In the 1924 evaluation, in which eleven prototypes competed, the Douglas XO-2 was declared winner, while the Curtiss XO-1 was among the unsuccessful types. The latter was forthwith re-engined with the Packard IA-1500 for the 1925 trials, which it won, however, the Packard engine failed to live up to expectation, and the production O-1, of which the Army ordered ten in 1925, had the lower-powered 435 hp Curtiss V-1150 (D-12) engine and consequently lower performance. This engine became the standard power plant for all sub-sequent O-1 variants except the O-1A (25-333), an O-1 conversion which had the 420 hp Liberty V-1650-3 and a deeper fuselage.
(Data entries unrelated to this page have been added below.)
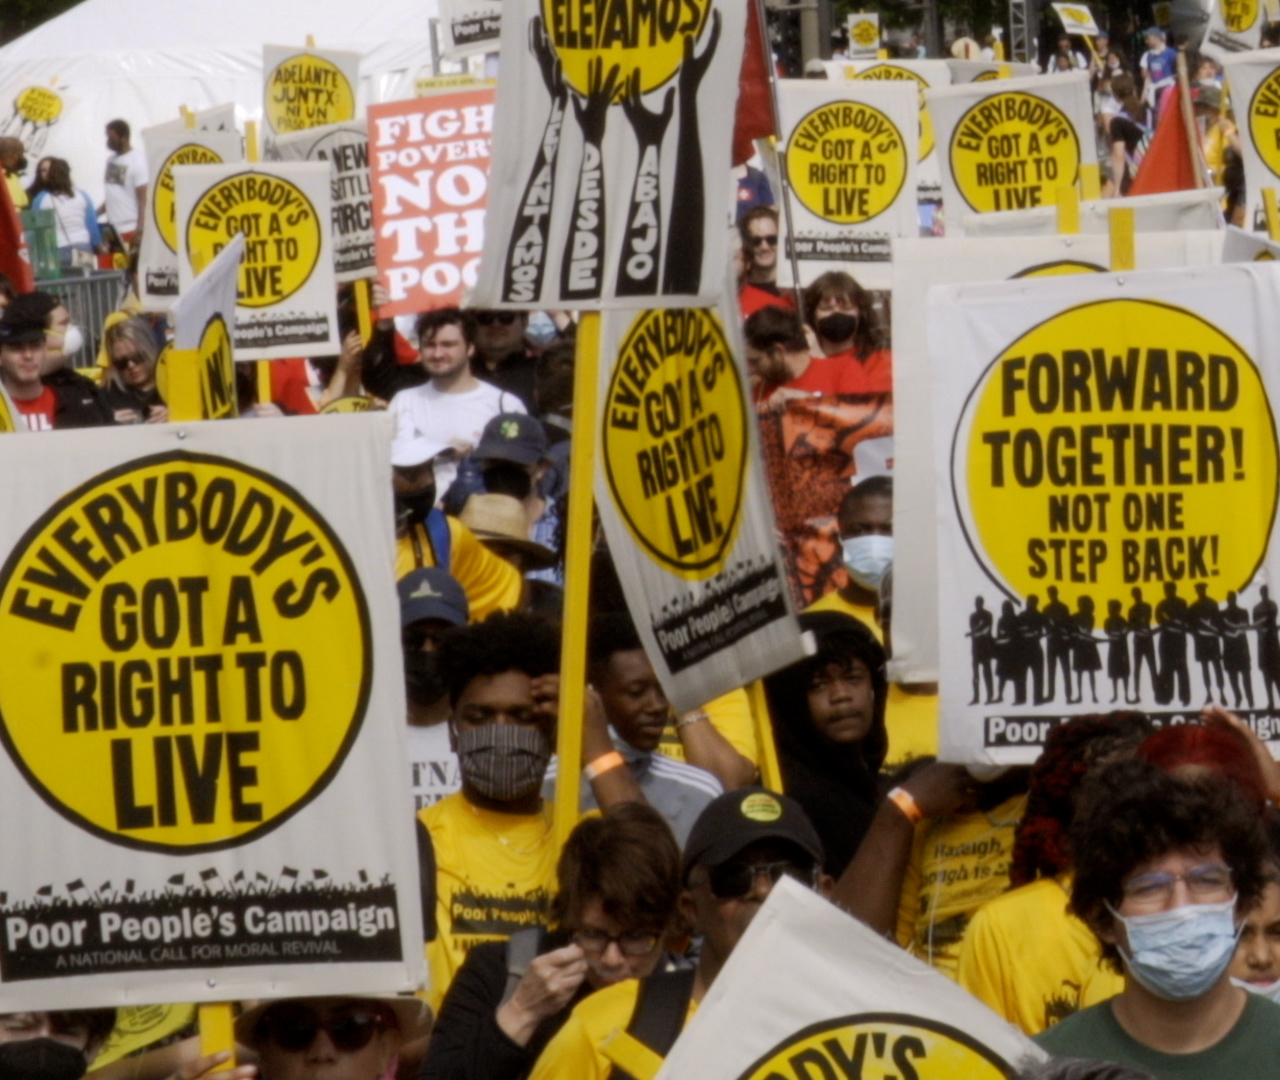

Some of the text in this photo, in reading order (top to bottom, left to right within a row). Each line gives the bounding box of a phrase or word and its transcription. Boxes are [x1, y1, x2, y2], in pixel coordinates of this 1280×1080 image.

[307, 108, 327, 119] UN
[375, 108, 494, 147] FIGH
[794, 105, 898, 154] EVERYBODY'S
[957, 94, 1069, 153] EVERYBODY'S
[822, 138, 872, 161] GOT A
[987, 132, 1041, 159] GOT A
[379, 165, 492, 216] NO
[809, 163, 885, 185] RIGHT TO
[977, 157, 1057, 188] RIGHT TO
[195, 177, 309, 231] EVERYBODY'S
[226, 213, 282, 238] GOT A
[567, 142, 600, 290] DESDE
[626, 144, 658, 279] ABAJO
[823, 188, 869, 217] LIVE
[274, 238, 298, 261] TO
[381, 213, 484, 263] TH
[816, 240, 858, 255] People's
[644, 368, 703, 440] GOT A
[1001, 347, 1240, 419] FORWARD
[636, 412, 725, 500] RIGHT TO
[982, 423, 1246, 489] TOGETHER!
[665, 473, 724, 559] LIVE
[1048, 493, 1184, 533] NOT ONE
[10, 472, 341, 633] EVERYBODY'S
[1027, 535, 1220, 584] STEP BACK!
[100, 575, 263, 652] GOT A
[658, 626, 689, 656] Poor
[61, 651, 307, 734] RIGHT TO
[988, 719, 1051, 744] Poor
[111, 730, 263, 831] LIVE
[7, 901, 396, 953] Poor People's Campaign
[453, 902, 486, 921] Poor
[150, 947, 185, 964] CALL
[223, 944, 278, 960] MORAL
[282, 940, 341, 957] REVIVAL
The 1927 production model of the Falcon, the O-1B with V-1150-5 engine, had several refinements including wheel brakes and fuel dumping provision. The 25 D-12-powered O-1Bs were armed with four 0.30 inch (7.62 mm) machineguns, two were installed in the nose and two on the rear cockpit Scarff ring. The pictured aircraft went to Wright Field where it was tested under the Project Number P-532."